_WORK INSTRUCTIONS_
Excluding pictures, transcribe precisely the lines from the one containing "this 1333×1500 image." to the final line of the listing below, inclusive, and nothing more.

_GIVEN INFORMATION_
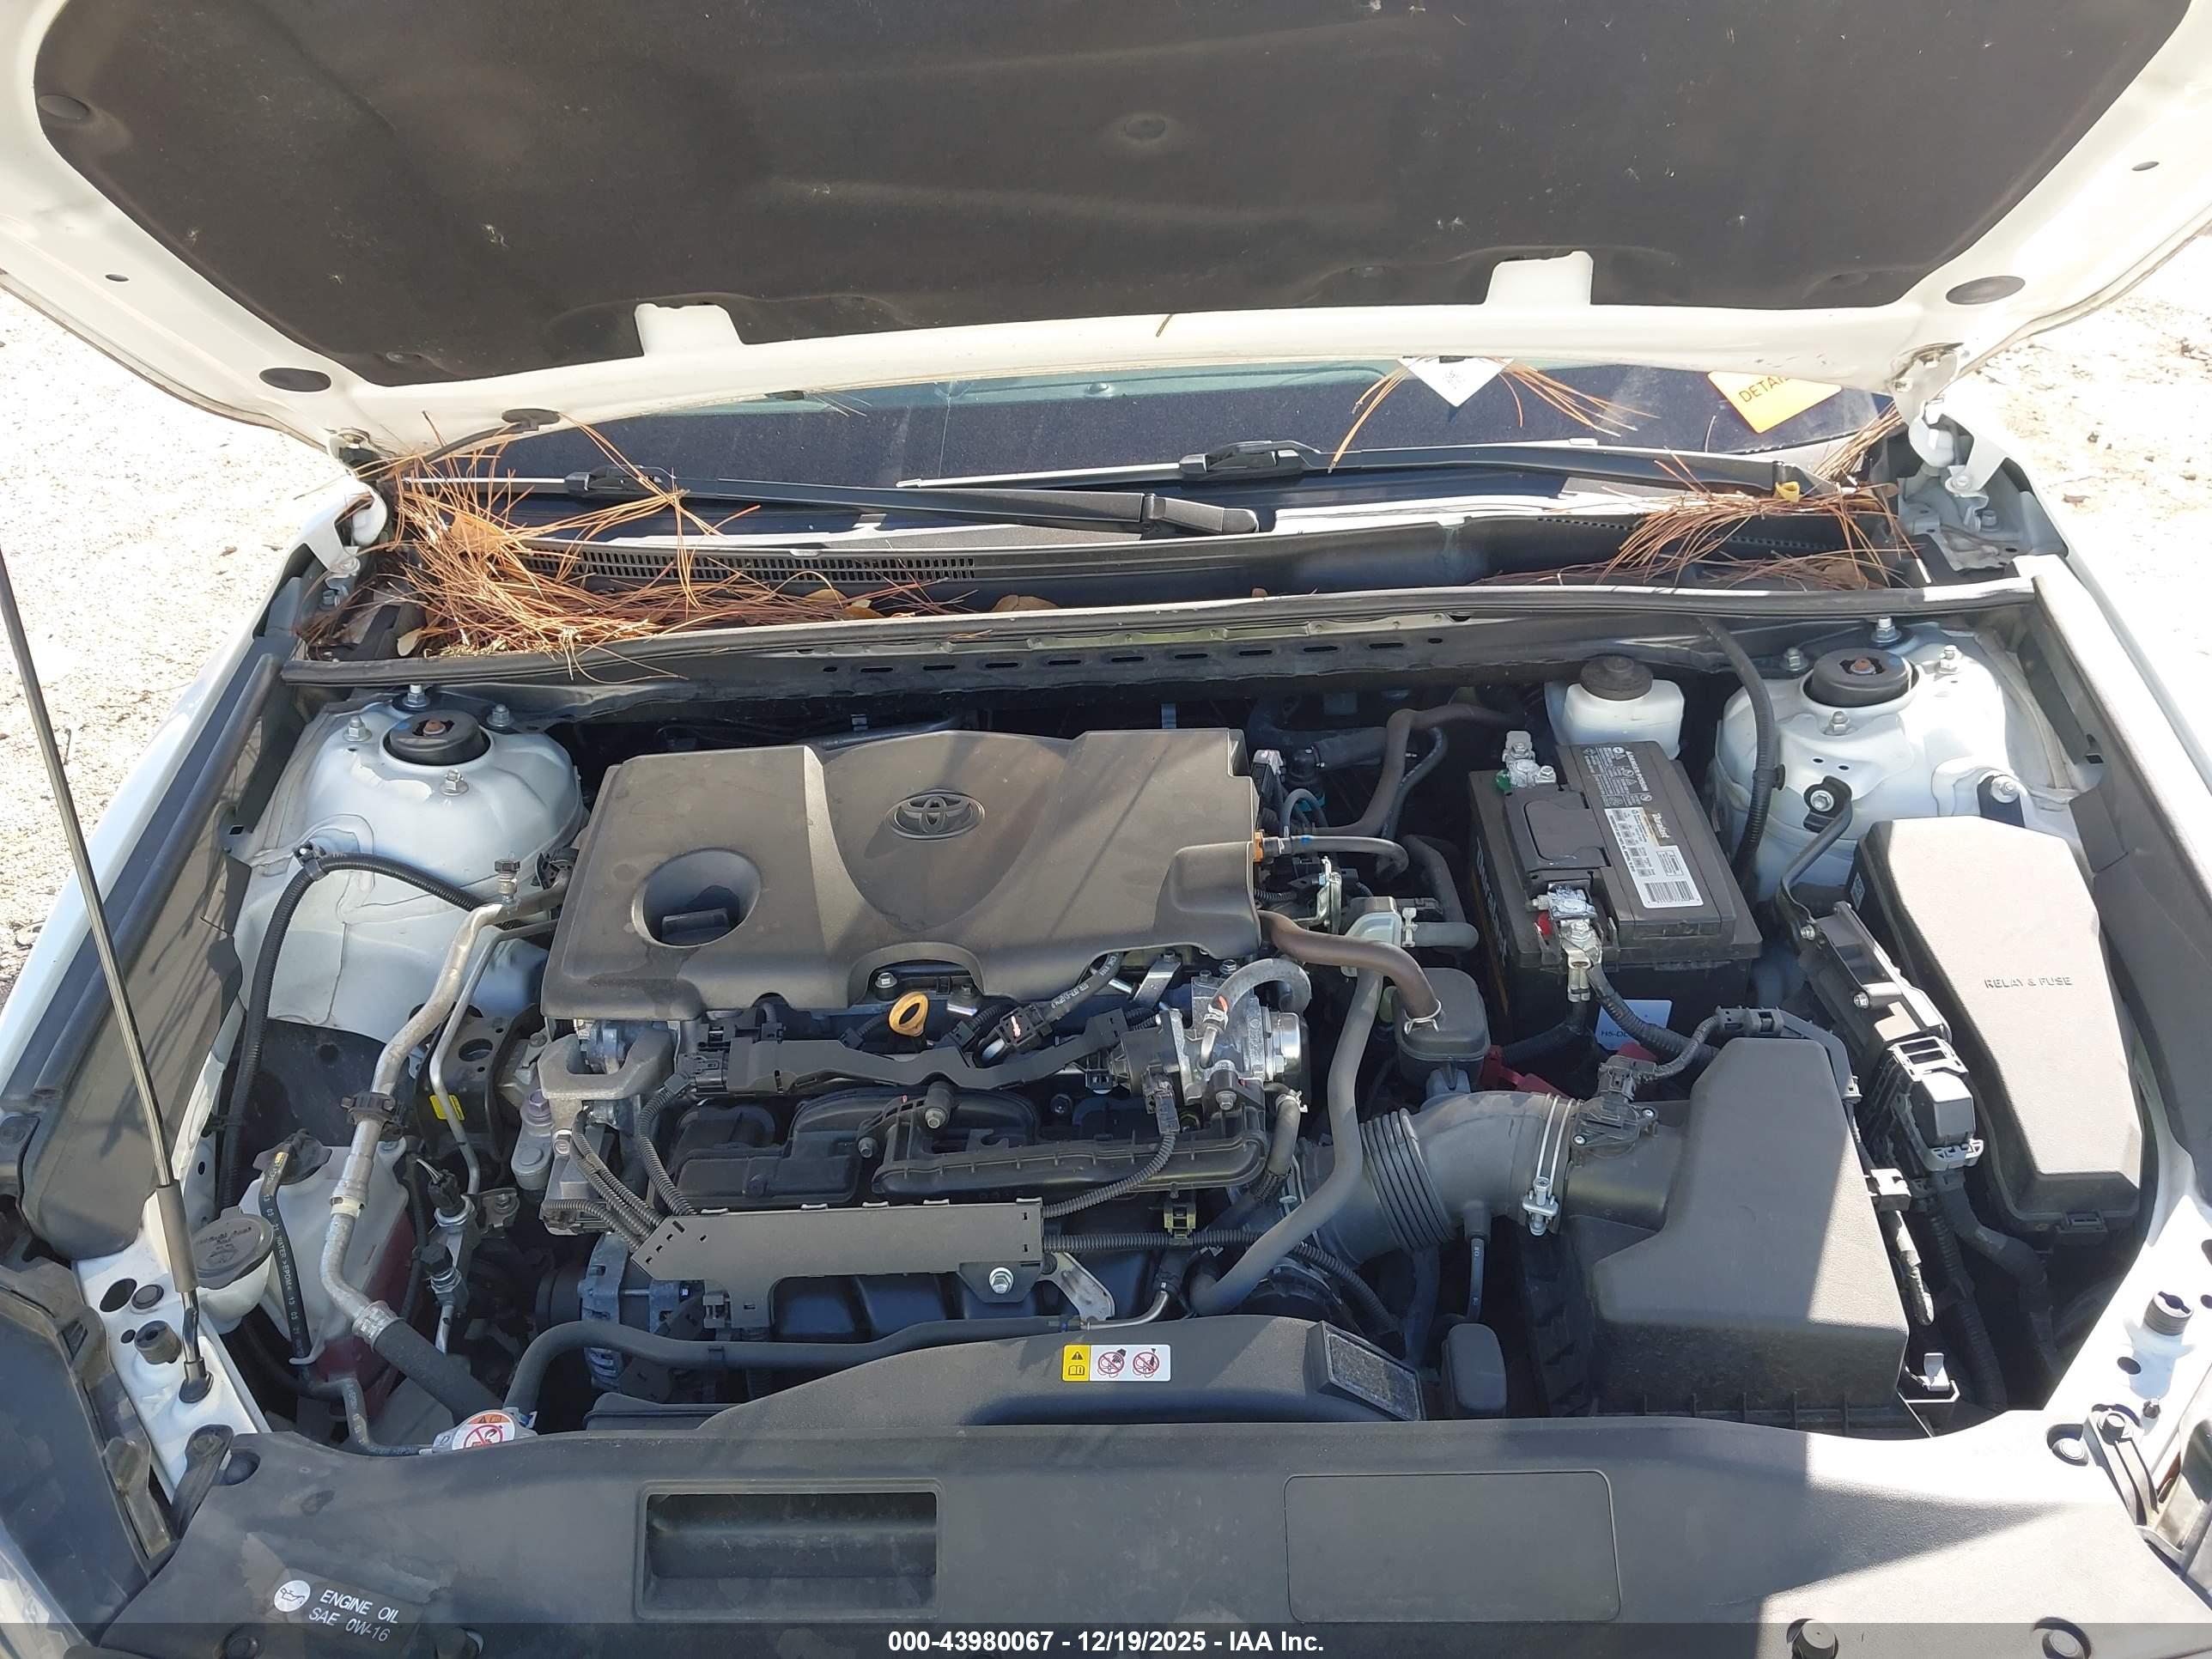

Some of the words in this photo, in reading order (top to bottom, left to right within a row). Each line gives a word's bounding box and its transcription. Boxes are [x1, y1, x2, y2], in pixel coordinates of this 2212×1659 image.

[1984, 978, 2023, 989] RELAY
[2039, 976, 2074, 987] FUSE
[276, 1235, 288, 1259] WATER
[319, 1589, 374, 1615] ENGINE
[378, 1607, 400, 1624] OIL
[308, 1607, 341, 1626] SAE
[344, 1618, 391, 1642] 0W-16
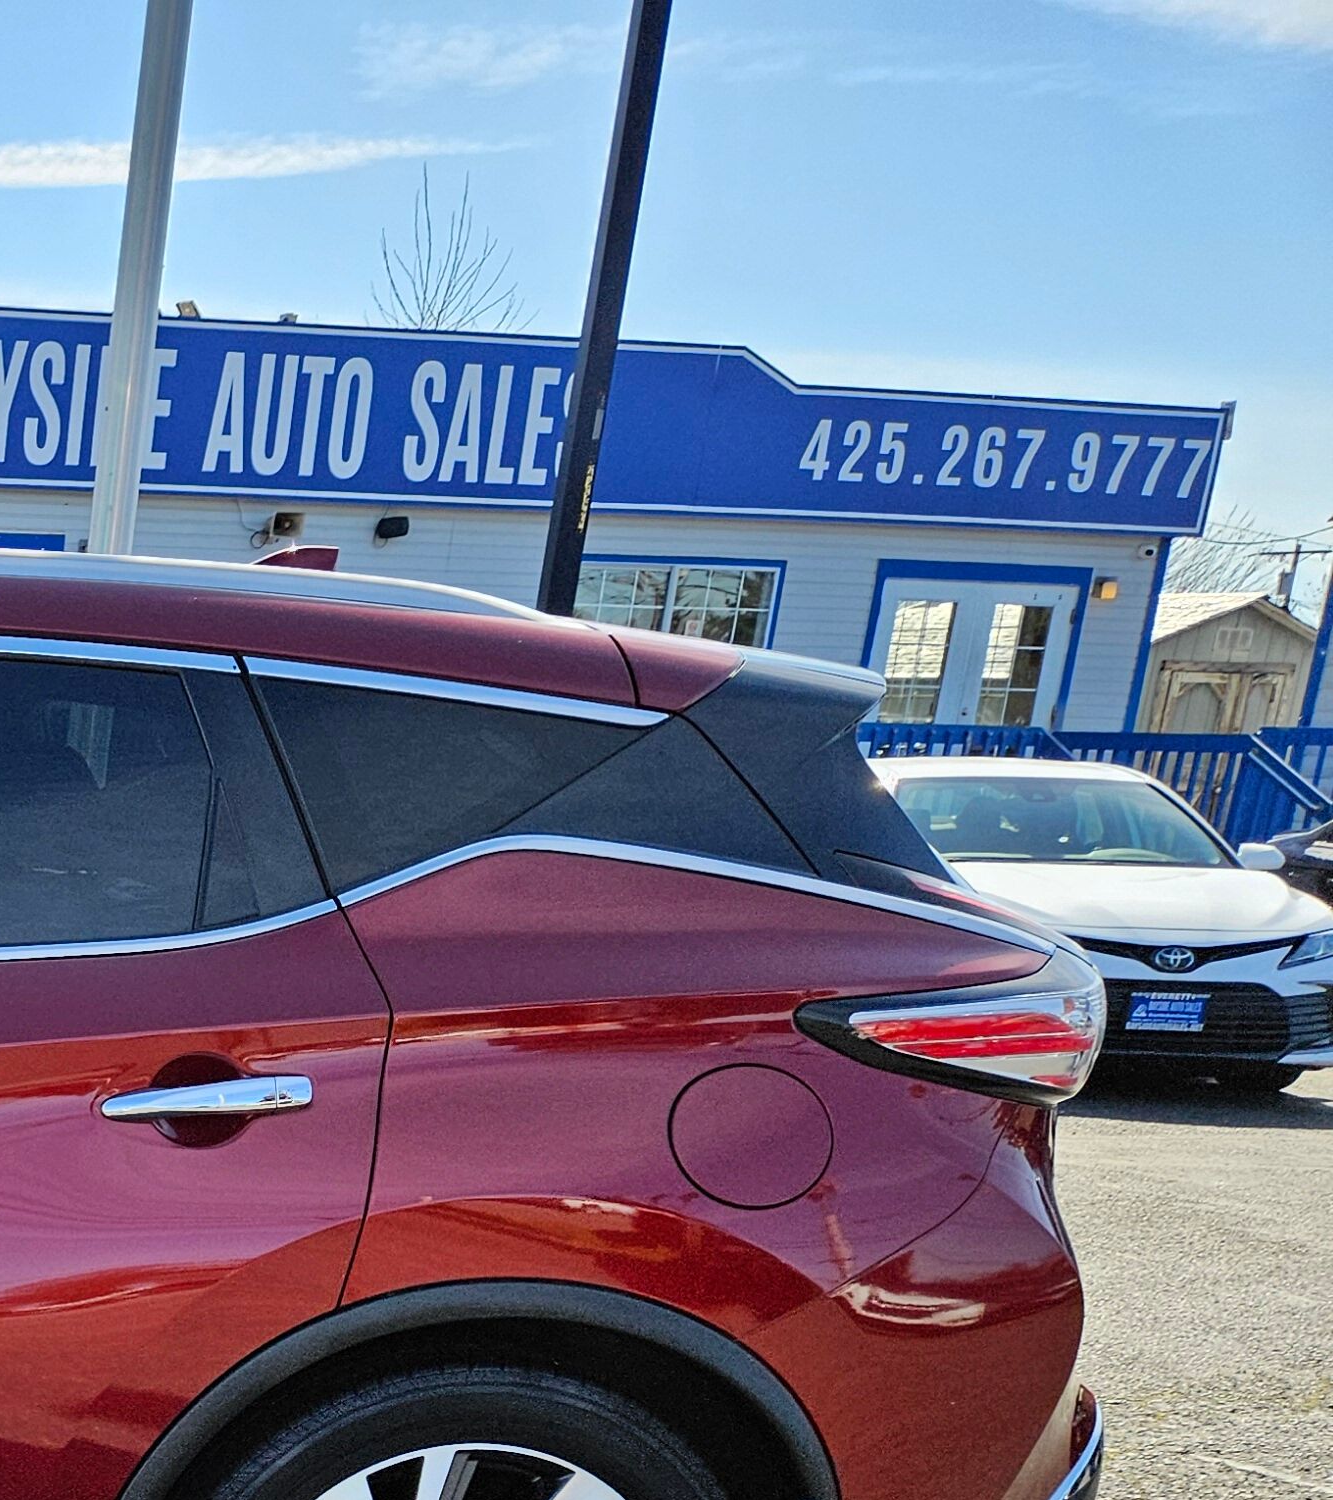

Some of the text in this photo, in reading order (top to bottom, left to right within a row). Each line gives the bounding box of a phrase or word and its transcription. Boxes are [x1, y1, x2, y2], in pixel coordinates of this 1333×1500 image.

[200, 351, 375, 480] AUTO
[402, 359, 576, 487] SALE
[798, 418, 1212, 499] 425.267.9777
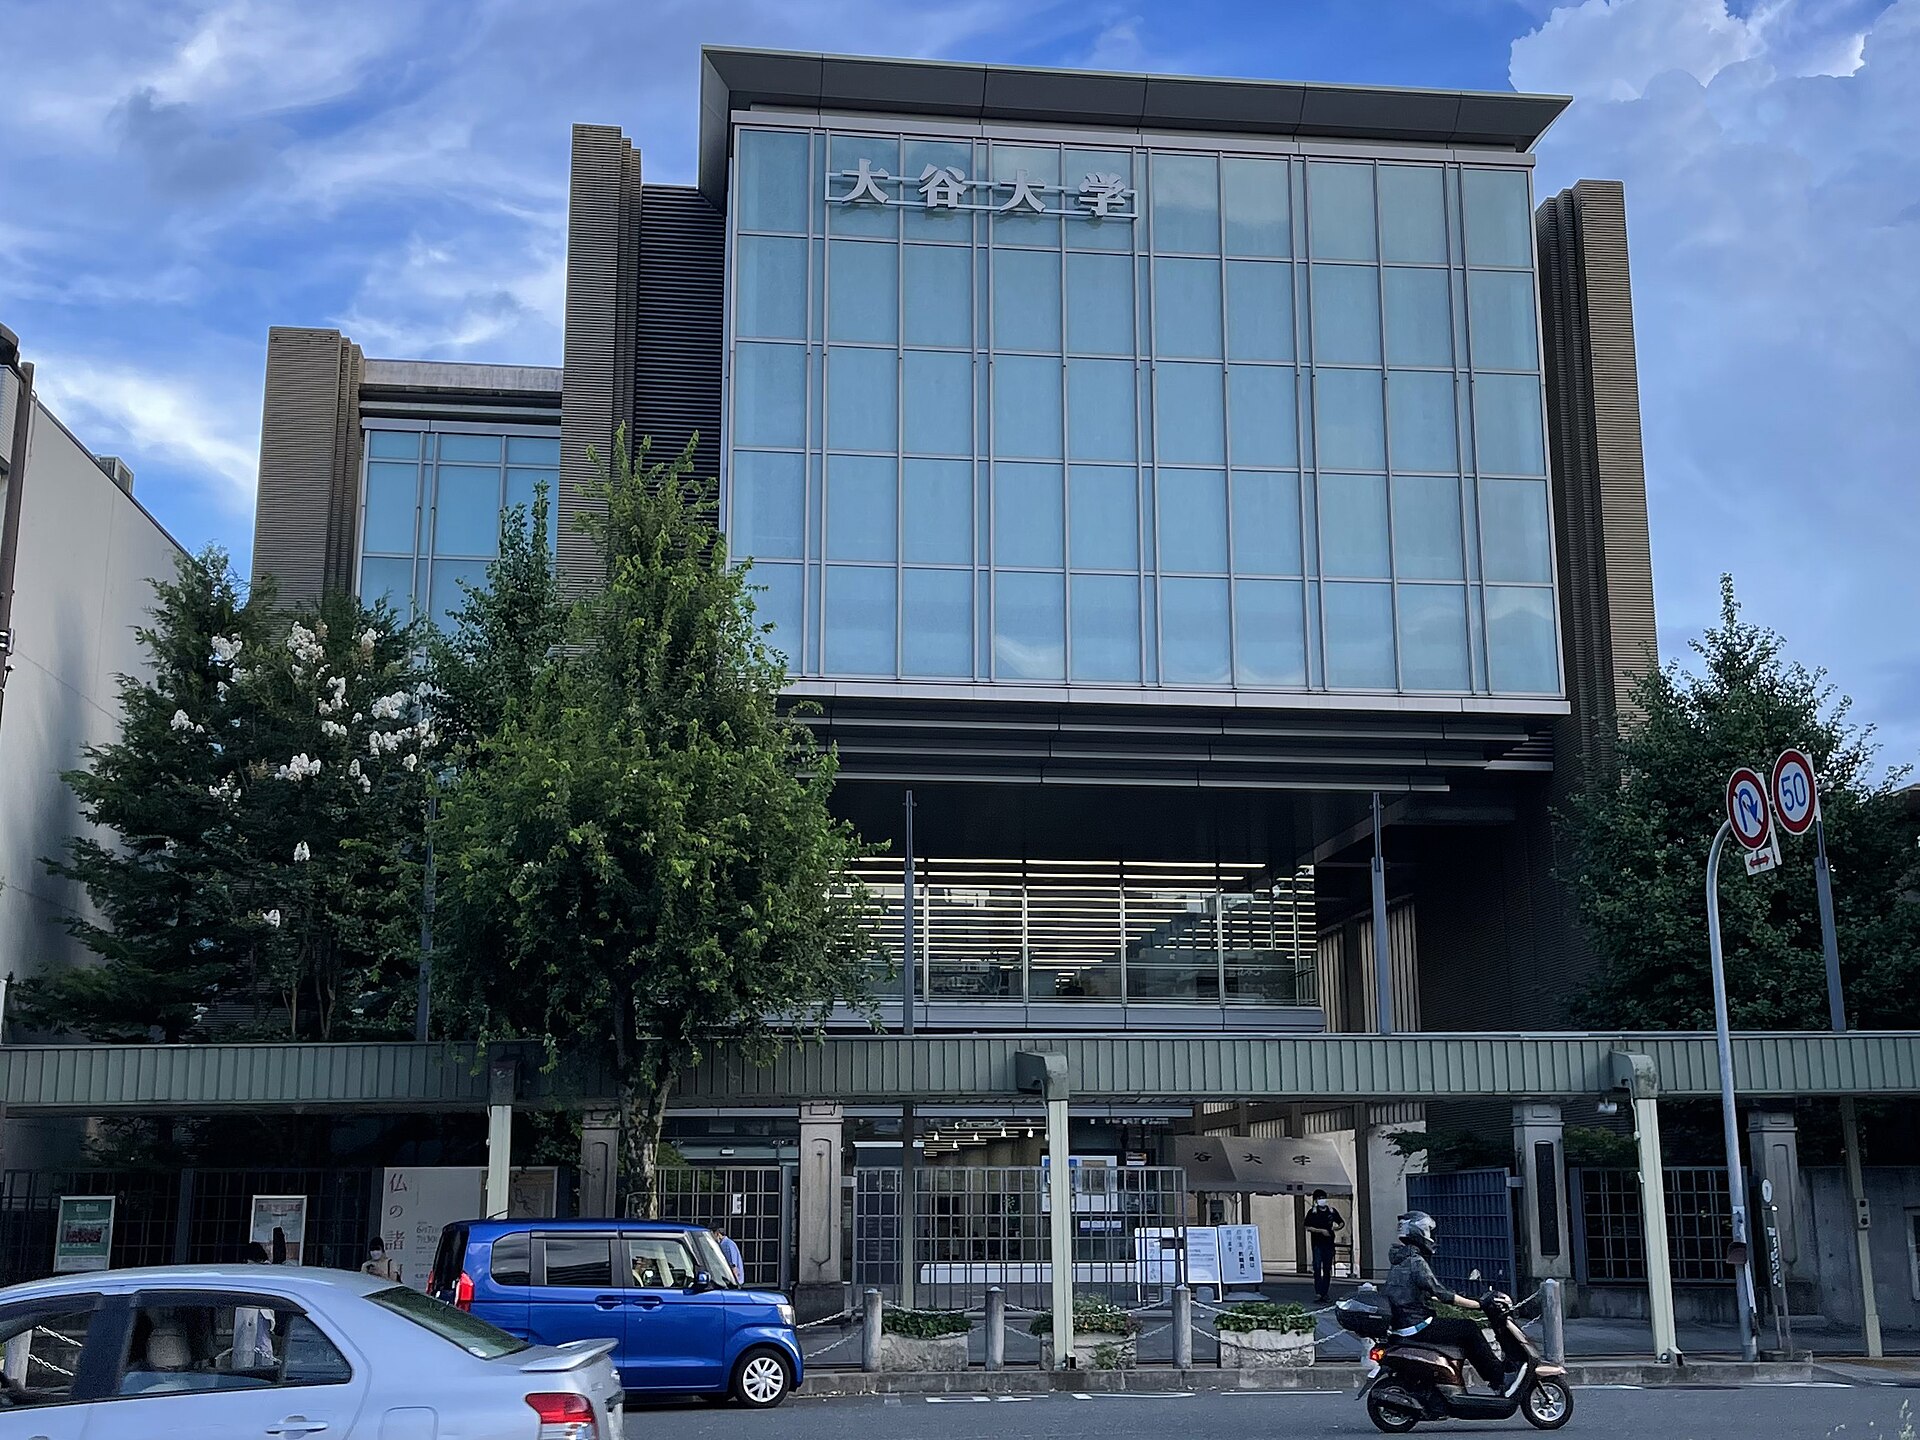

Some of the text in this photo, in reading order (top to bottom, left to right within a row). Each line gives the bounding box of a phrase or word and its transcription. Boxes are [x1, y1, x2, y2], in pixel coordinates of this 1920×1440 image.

[841, 158, 1126, 216] 大谷大学
[1781, 772, 1806, 811] 50

_RESPONSE BELOW_
Some of the text in this photo, in reading order (top to bottom, left to right within a row). Each line gives the bounding box of a phrase or word and its transcription. Boxes are [x1, y1, x2, y2], in pixel coordinates of this 1333×1500 image.

[200, 351, 375, 480] AUTO
[402, 359, 576, 487] SALE
[798, 418, 1212, 499] 425.267.9777

Some of the text in this photo, in reading order (top to bottom, left to right within a row). Each line gives the bounding box of a phrase or word and its transcription. Boxes are [x1, y1, x2, y2], in pixel coordinates of this 1920×1440 image.

[841, 158, 1126, 216] 大谷大学
[1781, 772, 1806, 811] 50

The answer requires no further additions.